### Data section ###

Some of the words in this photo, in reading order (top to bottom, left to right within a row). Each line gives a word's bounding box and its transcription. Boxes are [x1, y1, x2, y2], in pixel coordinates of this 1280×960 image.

###
### Data section ###

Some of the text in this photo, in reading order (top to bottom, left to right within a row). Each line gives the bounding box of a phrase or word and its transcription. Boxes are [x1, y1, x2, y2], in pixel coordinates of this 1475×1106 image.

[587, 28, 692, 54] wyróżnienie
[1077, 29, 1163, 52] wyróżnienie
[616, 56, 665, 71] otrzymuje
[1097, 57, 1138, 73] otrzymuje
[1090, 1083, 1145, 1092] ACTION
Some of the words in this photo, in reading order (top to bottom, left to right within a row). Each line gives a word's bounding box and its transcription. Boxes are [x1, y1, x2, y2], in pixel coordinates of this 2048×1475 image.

###
### Data section ###

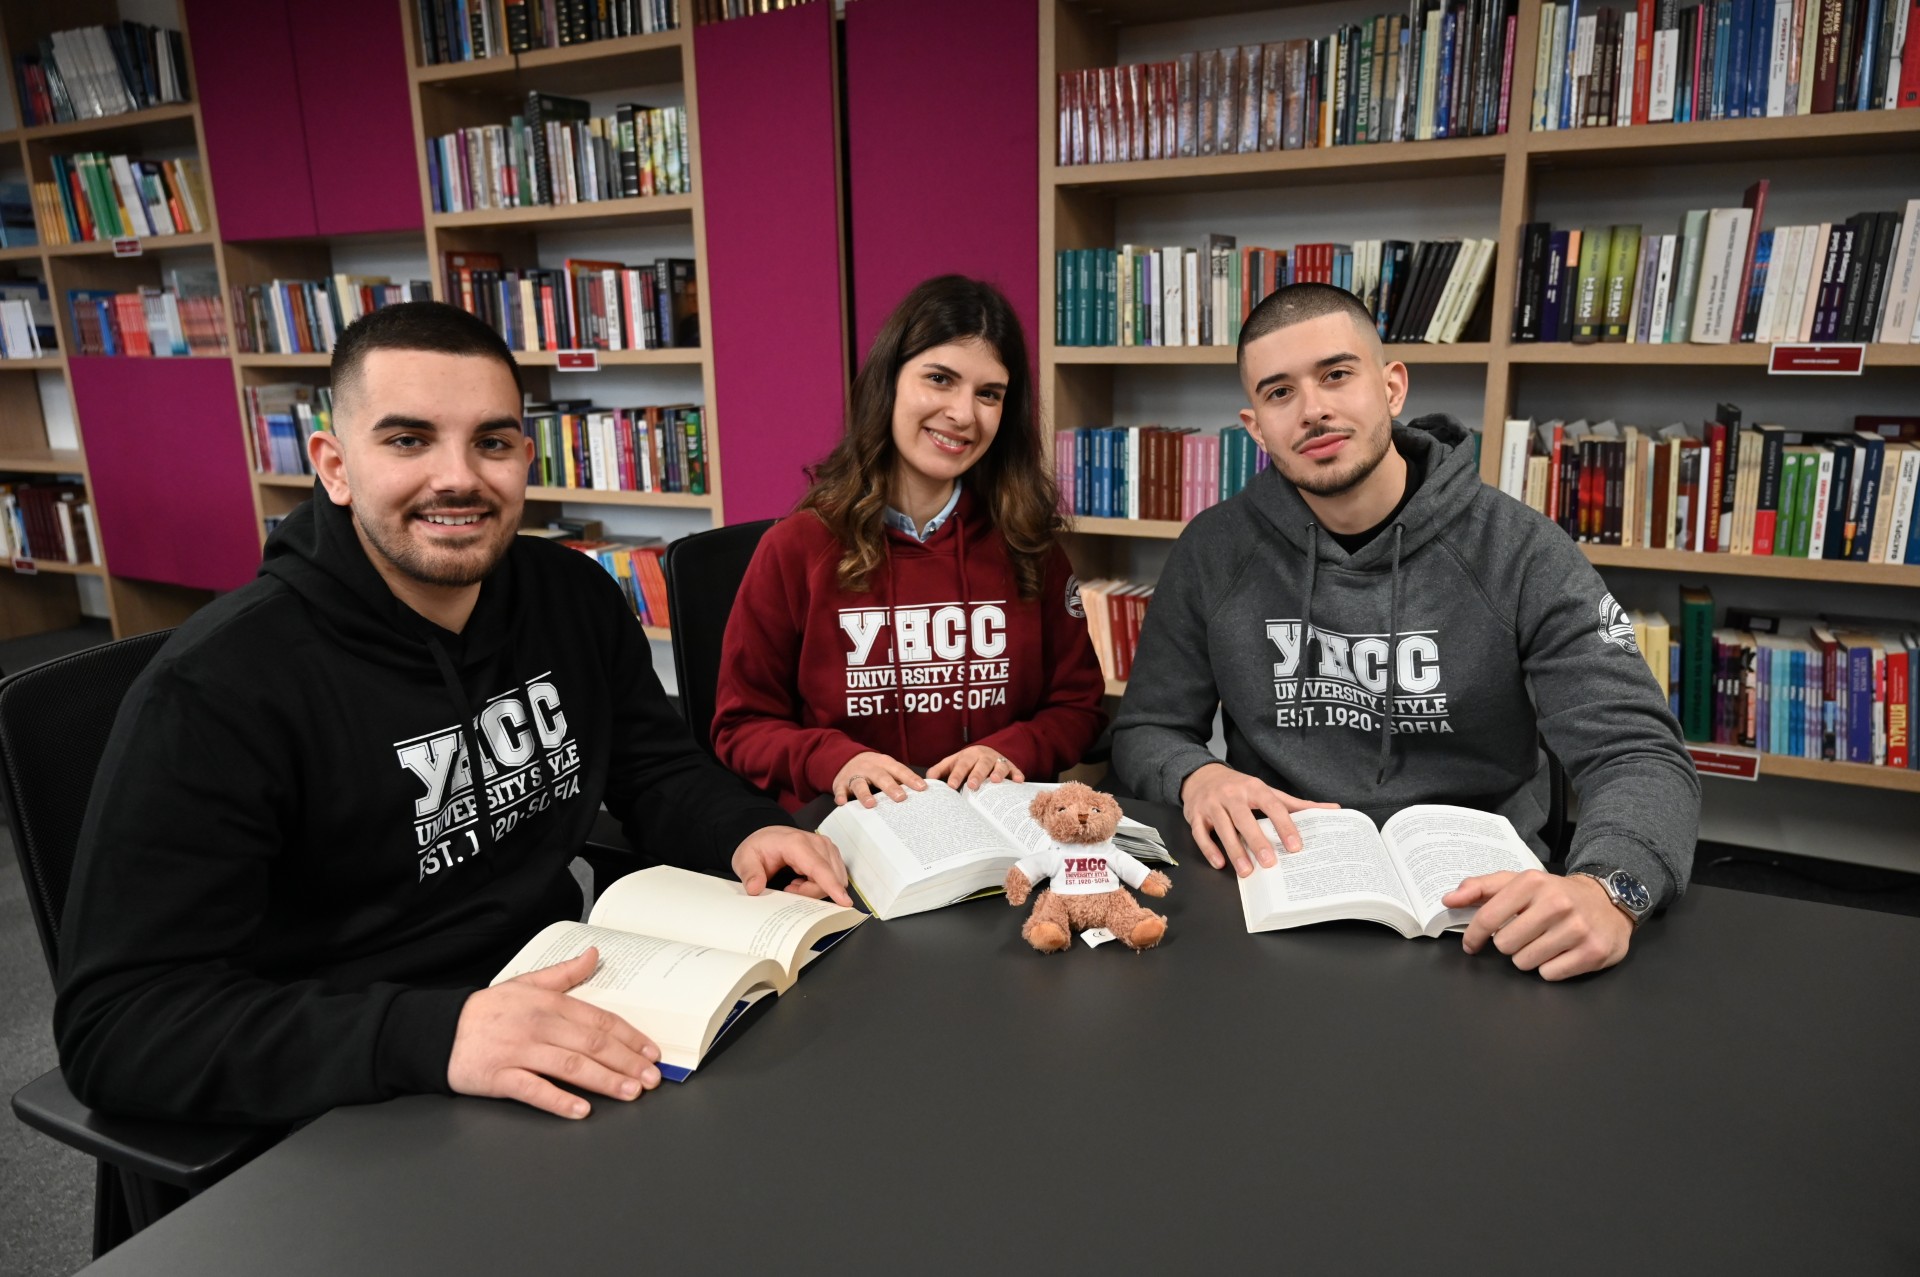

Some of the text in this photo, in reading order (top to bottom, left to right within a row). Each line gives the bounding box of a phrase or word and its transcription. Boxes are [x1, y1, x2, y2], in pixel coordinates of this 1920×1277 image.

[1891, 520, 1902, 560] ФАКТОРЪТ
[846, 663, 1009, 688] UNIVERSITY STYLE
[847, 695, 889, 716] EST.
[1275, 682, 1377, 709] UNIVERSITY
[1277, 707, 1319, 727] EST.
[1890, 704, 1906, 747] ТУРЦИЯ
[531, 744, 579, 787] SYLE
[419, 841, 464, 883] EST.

###

* **Problem details**
Both end lines included, restate word for word the lines above from the line with "this 1475×1106 image." to the line with "this 2048×1475 image.", and nothing else.

* **Task response**
Some of the text in this photo, in reading order (top to bottom, left to right within a row). Each line gives the bounding box of a phrase or word and its transcription. Boxes are [x1, y1, x2, y2], in pixel coordinates of this 1475×1106 image.

[587, 28, 692, 54] wyróżnienie
[1077, 29, 1163, 52] wyróżnienie
[616, 56, 665, 71] otrzymuje
[1097, 57, 1138, 73] otrzymuje
[1090, 1083, 1145, 1092] ACTION
Some of the words in this photo, in reading order (top to bottom, left to right within a row). Each line gives a word's bounding box and its transcription. Boxes are [x1, y1, x2, y2], in pixel coordinates of this 2048×1475 image.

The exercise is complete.